*The problem*.
The records below must be returned exactly, with every picture left out.

Free-text object descriptions:
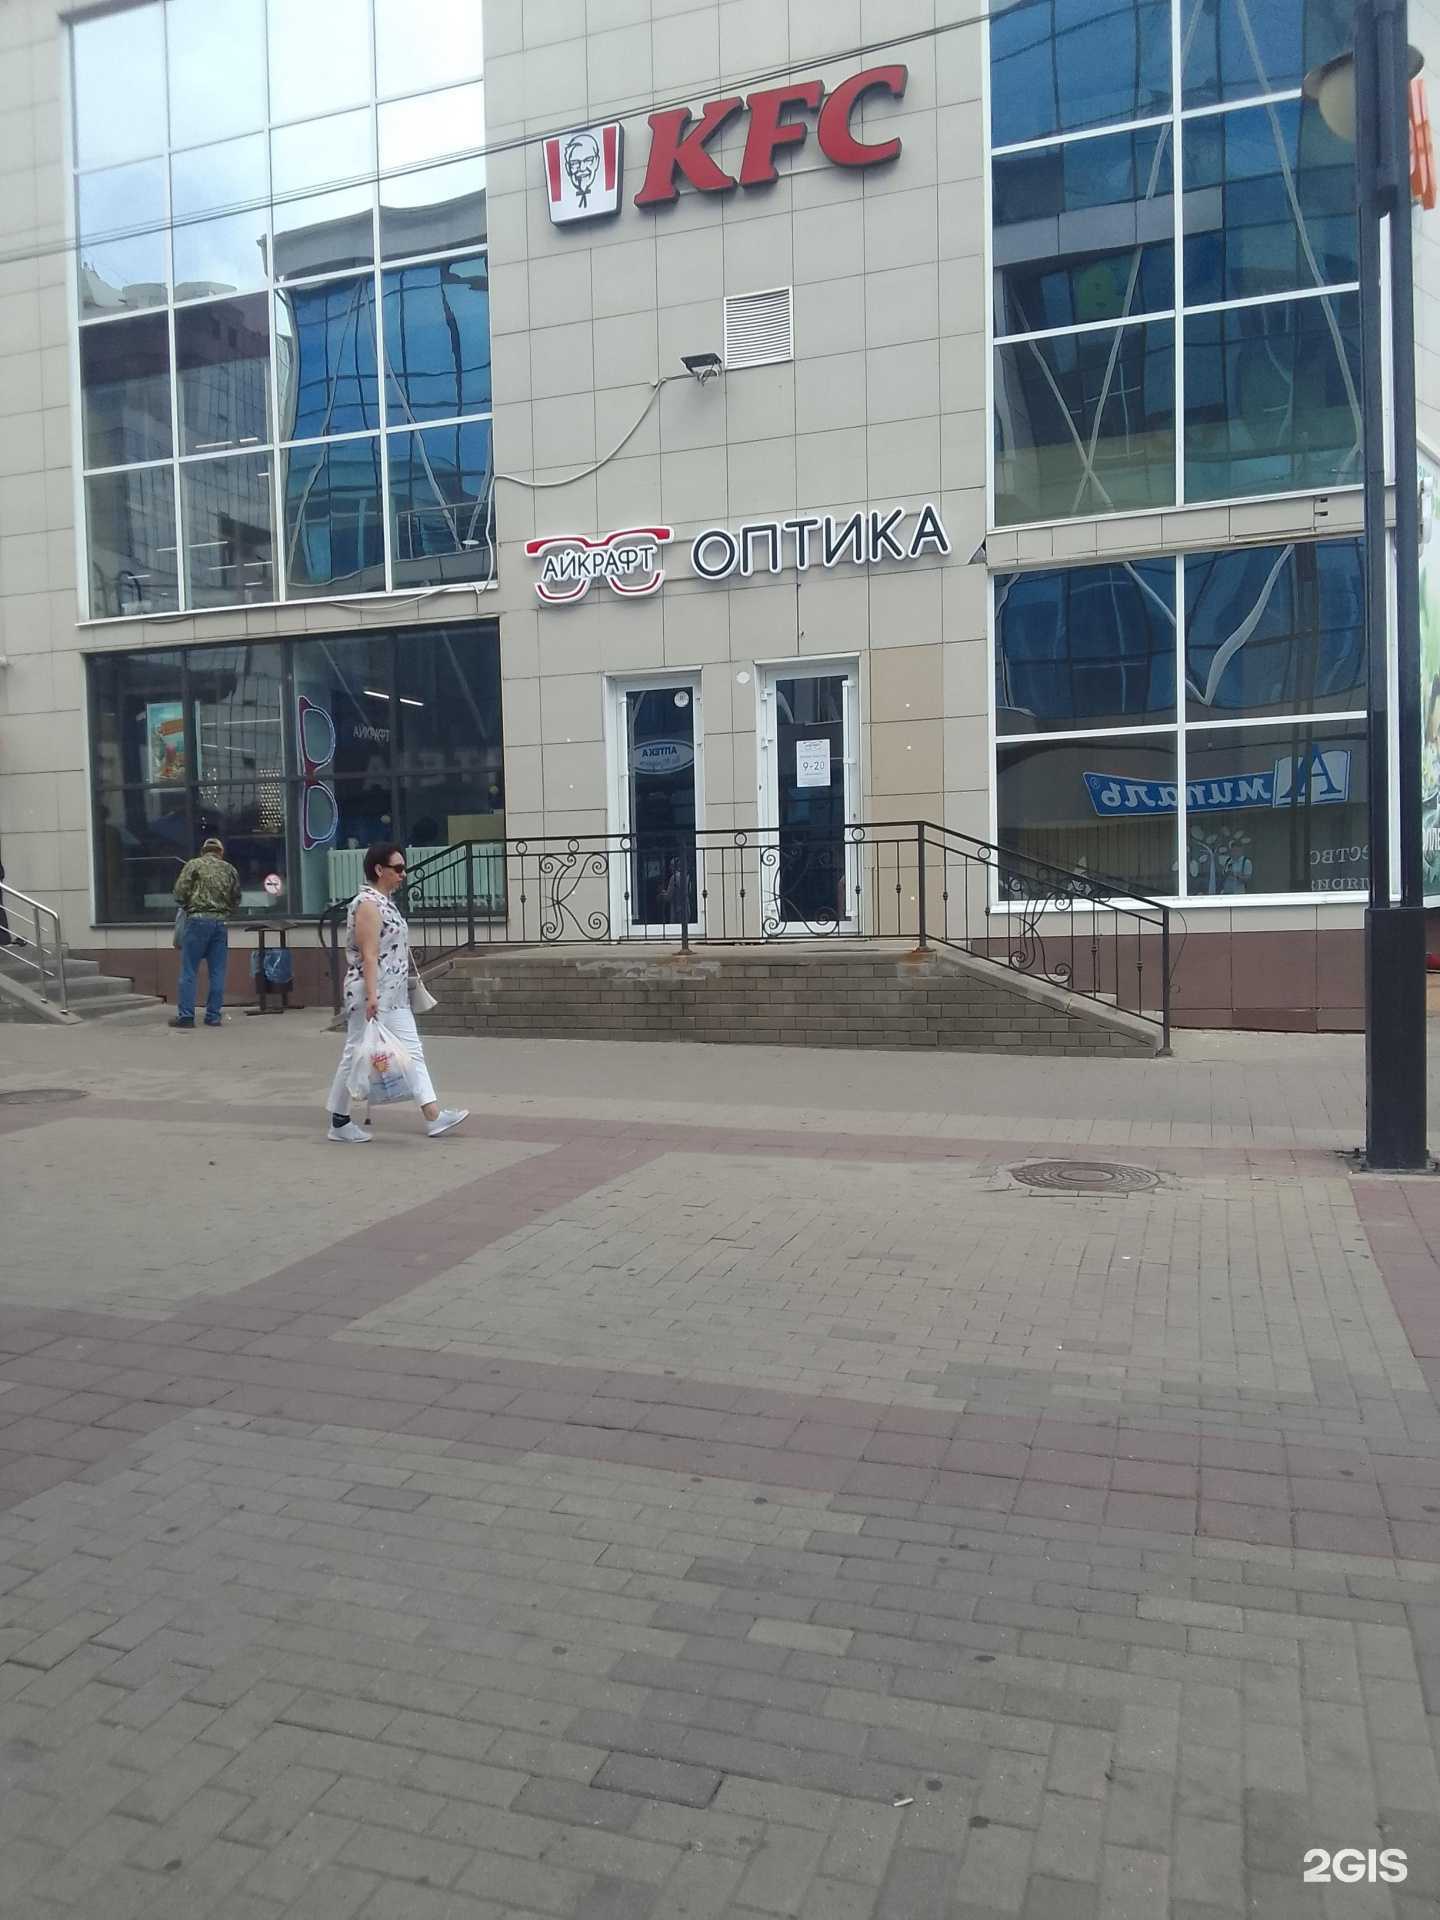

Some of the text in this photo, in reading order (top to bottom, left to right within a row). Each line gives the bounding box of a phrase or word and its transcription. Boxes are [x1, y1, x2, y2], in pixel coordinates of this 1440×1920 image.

[634, 64, 909, 208] KFC
[542, 504, 950, 582] АЙКРАФТ ОПТИКА
[802, 761, 825, 772] 9-20
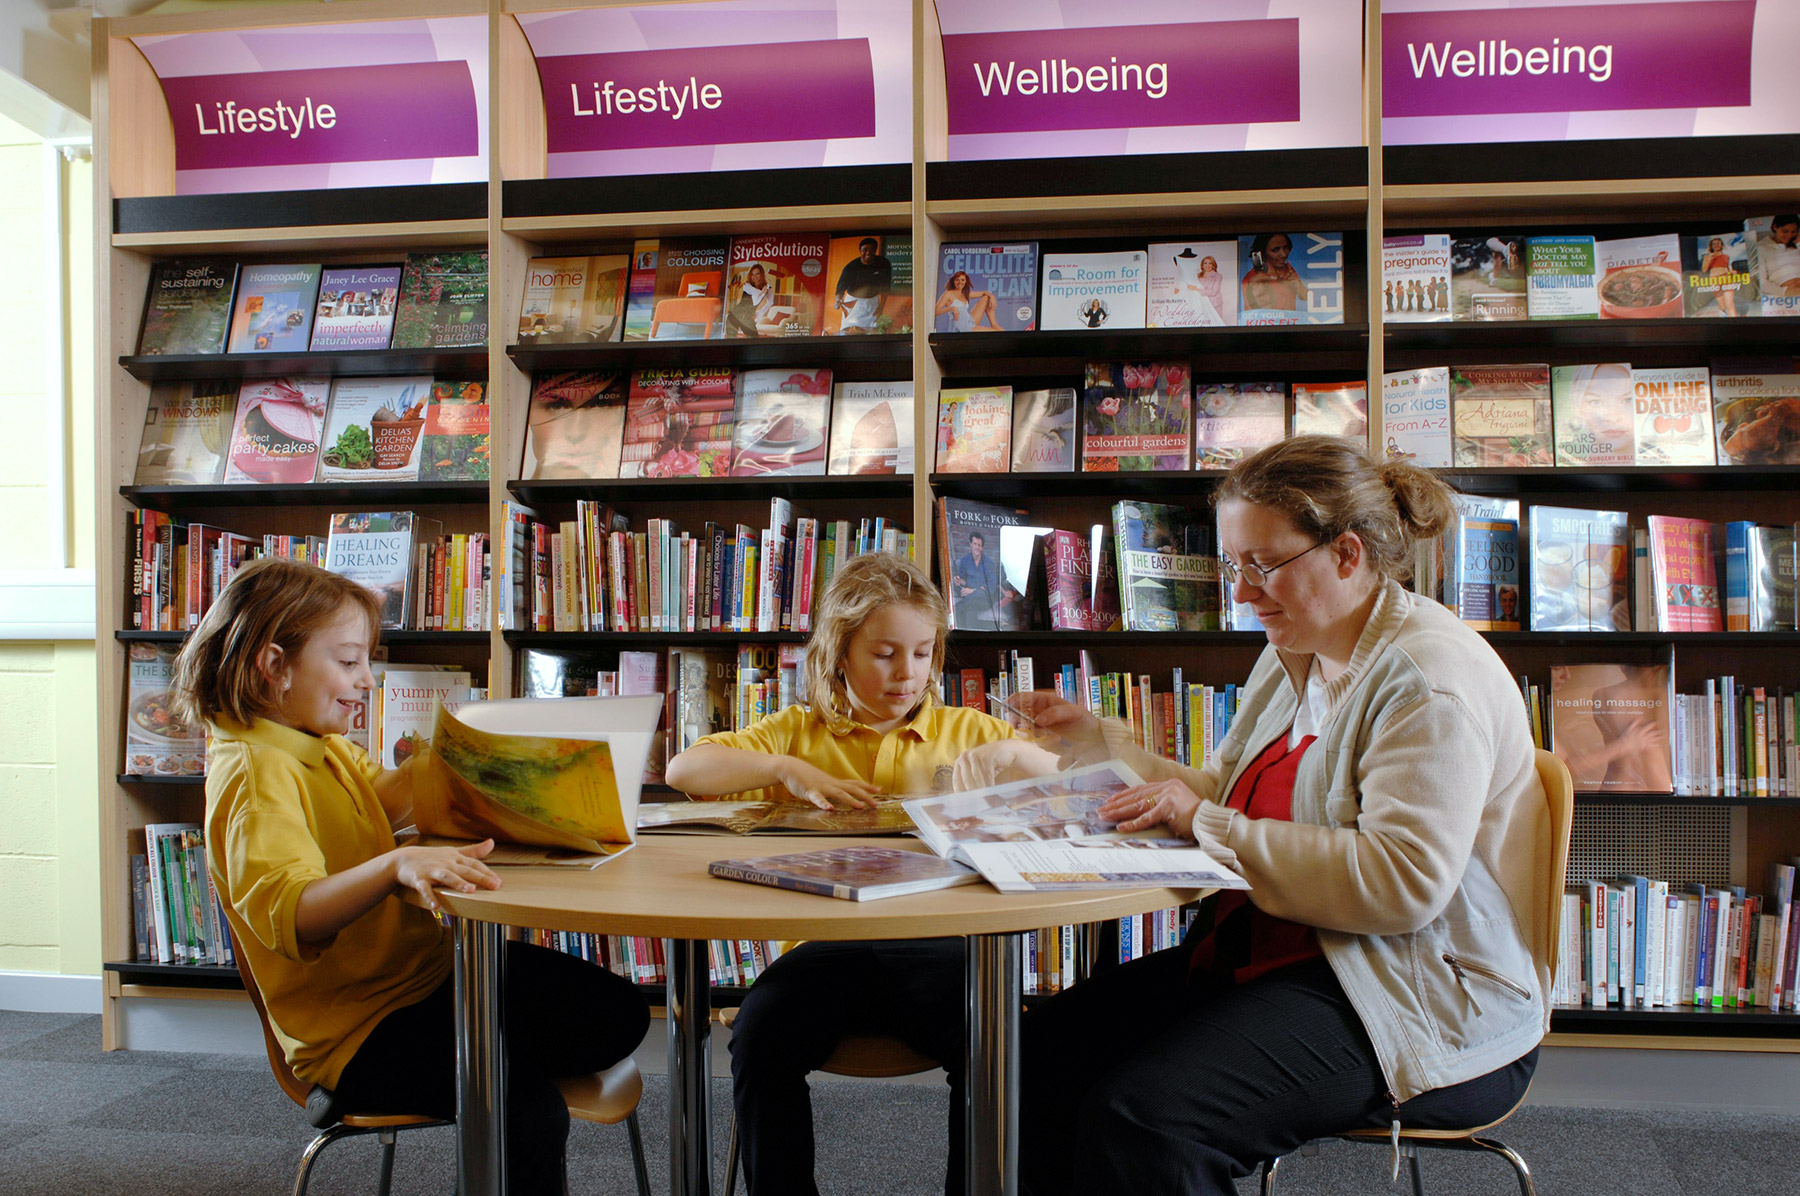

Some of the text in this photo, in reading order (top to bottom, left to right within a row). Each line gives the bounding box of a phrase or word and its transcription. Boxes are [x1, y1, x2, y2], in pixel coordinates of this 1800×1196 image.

[1407, 38, 1613, 82] Wellbeing
[974, 56, 1169, 100] Wellbeing
[571, 76, 723, 120] Lifestyle
[195, 97, 337, 139] Lifestyle
[1532, 246, 1582, 254] WHAT YOUR
[667, 255, 724, 267] COLOURS
[943, 253, 1034, 274] CELLULITE
[1384, 256, 1448, 270] pregnancy
[186, 266, 214, 277] self-
[250, 271, 312, 283] Homeopathy
[1077, 266, 1140, 280] Room for
[161, 277, 224, 289] sustaining
[325, 273, 395, 286] Janey Lee Grace
[530, 271, 583, 287] home
[1532, 274, 1594, 289] FIBROMYALGIA
[1690, 272, 1750, 287] Running
[988, 277, 1032, 298] PLAN
[1049, 282, 1139, 298] Improvement
[1697, 283, 1742, 292] made easy
[1151, 304, 1195, 317] Wedding
[1476, 304, 1525, 317] Running
[320, 321, 386, 337] imperfectly
[436, 322, 487, 334] climbing
[1279, 318, 1298, 326] FIT
[435, 330, 486, 344] gardens
[639, 367, 731, 379] TRICIA GUILD
[1633, 373, 1672, 382] Everyone's
[701, 378, 730, 386] COLOUR
[1716, 377, 1763, 387] arthritis
[848, 389, 908, 398] Trish McEvoy
[1385, 390, 1415, 399] Natural
[1634, 381, 1705, 398] ONLINE
[1738, 386, 1795, 396] cooking for
[1385, 398, 1446, 414] for Kids
[1460, 402, 1528, 421] Adriana
[1635, 398, 1707, 414] DATING
[162, 408, 221, 419] WINDOWS
[964, 415, 994, 429] great
[1385, 418, 1447, 433] From A-Z
[238, 434, 269, 443] perfect
[381, 428, 412, 436] DELIA'S
[375, 436, 415, 444] KITCHEN
[1087, 436, 1186, 450] colourful gardens
[234, 442, 315, 457] party cakes
[374, 444, 413, 453] GARDEN
[954, 510, 981, 522] FORK
[991, 515, 1019, 525] FORK
[335, 538, 400, 551] HEALING
[714, 535, 722, 561] Choices
[334, 553, 398, 567] DREAMS
[1062, 545, 1111, 565] PLAT
[1132, 553, 1215, 573] THE EASY GARDEN
[1464, 556, 1515, 572] GOOD
[133, 559, 142, 595] FIRSTS
[1062, 608, 1118, 622] 2005-2006
[136, 665, 157, 676] THE
[1091, 679, 1101, 717] WHAT TO
[1556, 697, 1663, 708] healing massage
[713, 866, 779, 886] GARDEN COLOUR
[133, 881, 142, 900] Vegan

*Output below*.
Some of the text in this photo, in reading order (top to bottom, left to right within a row). Each line gives the bounding box of a phrase or word and its transcription. Boxes are [x1, y1, x2, y2], in pixel coordinates of this 1440×1920 image.

[634, 64, 909, 208] KFC
[542, 504, 950, 582] АЙКРАФТ ОПТИКА
[802, 761, 825, 772] 9-20

Some of the text in this photo, in reading order (top to bottom, left to right within a row). Each line gives the bounding box of a phrase or word and its transcription. Boxes are [x1, y1, x2, y2], in pixel coordinates of this 1800×1196 image.

[1407, 38, 1613, 82] Wellbeing
[974, 56, 1169, 100] Wellbeing
[571, 76, 723, 120] Lifestyle
[195, 97, 337, 139] Lifestyle
[1532, 246, 1582, 254] WHAT YOUR
[667, 255, 724, 267] COLOURS
[943, 253, 1034, 274] CELLULITE
[1384, 256, 1448, 270] pregnancy
[186, 266, 214, 277] self-
[250, 271, 312, 283] Homeopathy
[1077, 266, 1140, 280] Room for
[161, 277, 224, 289] sustaining
[325, 273, 395, 286] Janey Lee Grace
[530, 271, 583, 287] home
[1532, 274, 1594, 289] FIBROMYALGIA
[1690, 272, 1750, 287] Running
[988, 277, 1032, 298] PLAN
[1049, 282, 1139, 298] Improvement
[1697, 283, 1742, 292] made easy
[1151, 304, 1195, 317] Wedding
[1476, 304, 1525, 317] Running
[320, 321, 386, 337] imperfectly
[436, 322, 487, 334] climbing
[1279, 318, 1298, 326] FIT
[435, 330, 486, 344] gardens
[639, 367, 731, 379] TRICIA GUILD
[1633, 373, 1672, 382] Everyone's
[701, 378, 730, 386] COLOUR
[1716, 377, 1763, 387] arthritis
[848, 389, 908, 398] Trish McEvoy
[1385, 390, 1415, 399] Natural
[1634, 381, 1705, 398] ONLINE
[1738, 386, 1795, 396] cooking for
[1385, 398, 1446, 414] for Kids
[1460, 402, 1528, 421] Adriana
[1635, 398, 1707, 414] DATING
[162, 408, 221, 419] WINDOWS
[964, 415, 994, 429] great
[1385, 418, 1447, 433] From A-Z
[238, 434, 269, 443] perfect
[381, 428, 412, 436] DELIA'S
[375, 436, 415, 444] KITCHEN
[1087, 436, 1186, 450] colourful gardens
[234, 442, 315, 457] party cakes
[374, 444, 413, 453] GARDEN
[954, 510, 981, 522] FORK
[991, 515, 1019, 525] FORK
[335, 538, 400, 551] HEALING
[714, 535, 722, 561] Choices
[334, 553, 398, 567] DREAMS
[1062, 545, 1111, 565] PLAT
[1132, 553, 1215, 573] THE EASY GARDEN
[1464, 556, 1515, 572] GOOD
[133, 559, 142, 595] FIRSTS
[1062, 608, 1118, 622] 2005-2006
[136, 665, 157, 676] THE
[1091, 679, 1101, 717] WHAT TO
[1556, 697, 1663, 708] healing massage
[713, 866, 779, 886] GARDEN COLOUR
[133, 881, 142, 900] Vegan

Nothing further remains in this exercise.